Ubicada en el aeródromo de Mandelieu a 10 kilometros de Cannes, la instalación de realidad virtual Carne y Arena imaginada por Alejandro González Inarritu muy pronto se convirtió en la actividad más peleada del festival.

Un gran volumen en forma de L, el título de la instalación y su imagen, la de un corazón dividido por una frontera. Por un lado U.S. —que también se puede leer “us” nosotros— y del otro T.H.E.M. (ellos).

Ellos y nosotros, un mismo corazón, un sólo espacio, un desierto dividido. Impresa sobre esta misma pared está la explicación del autor sobre su pieza: este trabajo se llevó a cabo durante cinco años, una inquietud del cineasta despertada por varios de los testimonios de migrantes que recolectó.

Lo presenta como un trabajo catártico, una posibilidad de sensibilizar aún más al apático espectador al convertirlo en un actor presente en la escena. Precisamente todo lo que está en juego en la realidad virtual.
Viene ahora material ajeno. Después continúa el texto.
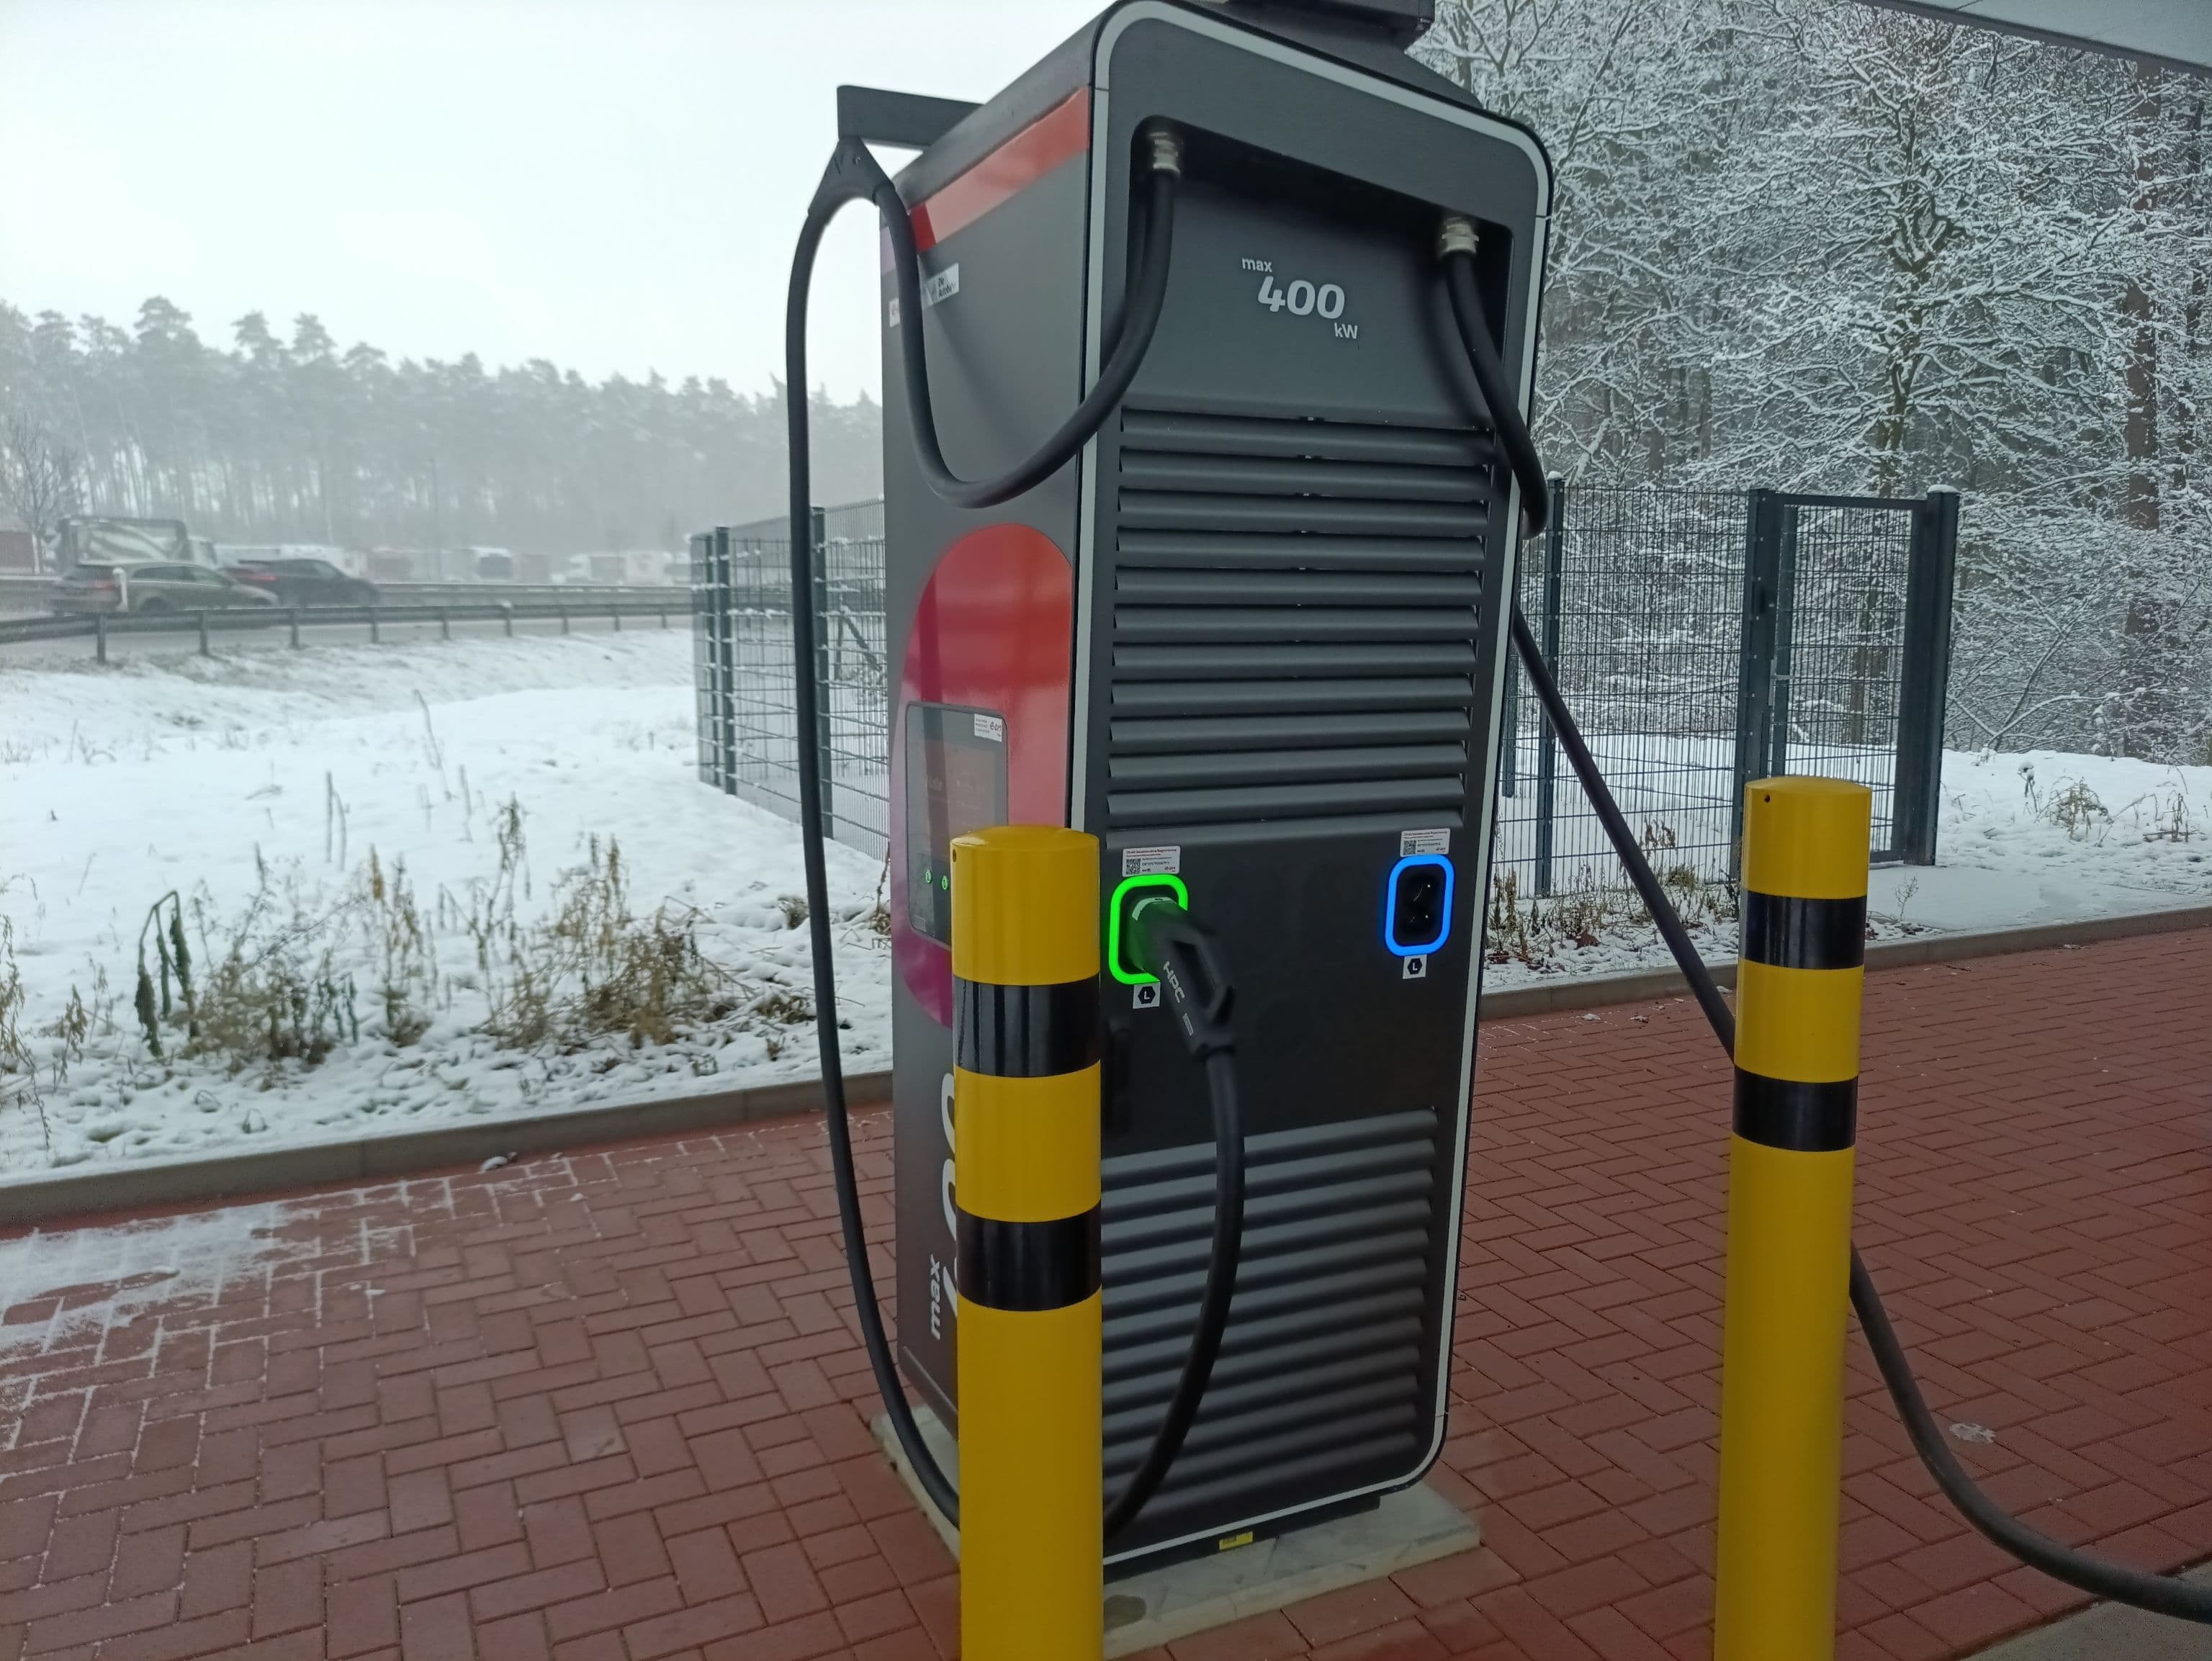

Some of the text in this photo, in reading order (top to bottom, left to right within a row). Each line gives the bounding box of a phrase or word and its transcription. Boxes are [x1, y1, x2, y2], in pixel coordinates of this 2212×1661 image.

El pasillo exterior hecho con un pedazo de la barda original que dividía a México de Estados Unidos lleva a un primer espacio de unos 15 metros cuadrados donde hay dos bancas de metal y debajo de ellas unos zapatos recolectados en el desierto en Arizona.

La conexión es inmediata, el reflejo en el espejo es infinito. Un letrero pide dejar los zapatos en un casillero de metal, la experiencia se vive descalza. La alarma se ilumina de rojo, es tiempo de ingresar al cuarto principal que mide unos 100 metros cuadrados con paredes altas pintadas de negro y el piso cubierto de arena.

En el cuarto hay tres guías que primero te colocan una mochila en la espalda, después te ayudan a ponerte los lentes de realidad virtual y los audífonos.

De repente las imágenes de un desierto vacío llegan, las voces del grupo de migrantes que se acercan, sus pláticas y sus deseos, sus quejas también.

Camino por el desierto —en realidad el cubo donde estoy encerrada— toco la arena con las manos, la siento debajo de mis pies, hablo con los migrantes, les digo que no se espanten, insulto a los agentes de la patrulla fronteriza que llegan a dispararnos, los veo a los ojos, pongo mi mano en frente de su arma, me alejo, volteo la mirada para no ver lo inevitable, trato de calmar al perro —pienso en Desierto de Jonas Cuarón— y camino hasta que una mano —de carne y hueso— jale la mochila que cargo en la espalda para avisarme que me estoy acercando mucho a la pared. Pego un grito, ellos me sacan de la realidad virtual, la ficción real.

Lo peor ya pasó y ahora amanece en mi desierto. Estoy sola, me quedo un instante más, volteo a ver el cielo, hay un vuelo de pájaros, ellos no conocen de fronteras ni saben que debajo de sus alas hay hombres que matan a hombres.

Se detiene la transmisión y me quito los lentes y los audífonos, sonrío y les digo que sí en efecto, me gustó mucho la experiencia. Ellos también sonríen, seguramente me oyeron hablar en español durante todo el recorrido.

Sin embargo, creo que esta tecnología no le hace justicia al inmenso cinefotógrafo Emanuel Lubezki. Hemos visto cómo filma los amaneceres y los grandes paisajes, y aquí, por más que los migrantes ante mis ojos hayan estado virtualmente presentes, los colores están muy fríos y todavía con poco contraste. Los rostros de los personajes están muy bien recreados por las imágenes de síntesis, pero aún se sienten como personajes salidos de un videojuego.

La última parte de la instalación —que no es realidad virtual— es curiosamente la que más emociones me generó. En pequeñas pantallas, unos videos con las caras de los migrantes en close-up, sobre sus rostros, algunas frases para que nos cuenten sus historias. Ellos son los que prestaron sus cuerpos y sus voces para la creación de sus avatars.

Ahora conozco sus historias, de una forma u otra, siento que estuvimos juntos, pero sus miradas, las de verdad, el brillo de los ojos, las sonrisas, las lágrimas que se asoman son las que me estrujan el corazón.

Así es cómo entiendo porque Iñarritu decía que este trabajo había sido catártico para él, y es que tal vez necesitaba yo también estar virtualmente con ellos para tenerlos realmente presentes en mi vida aunque estén físicamente invisibles.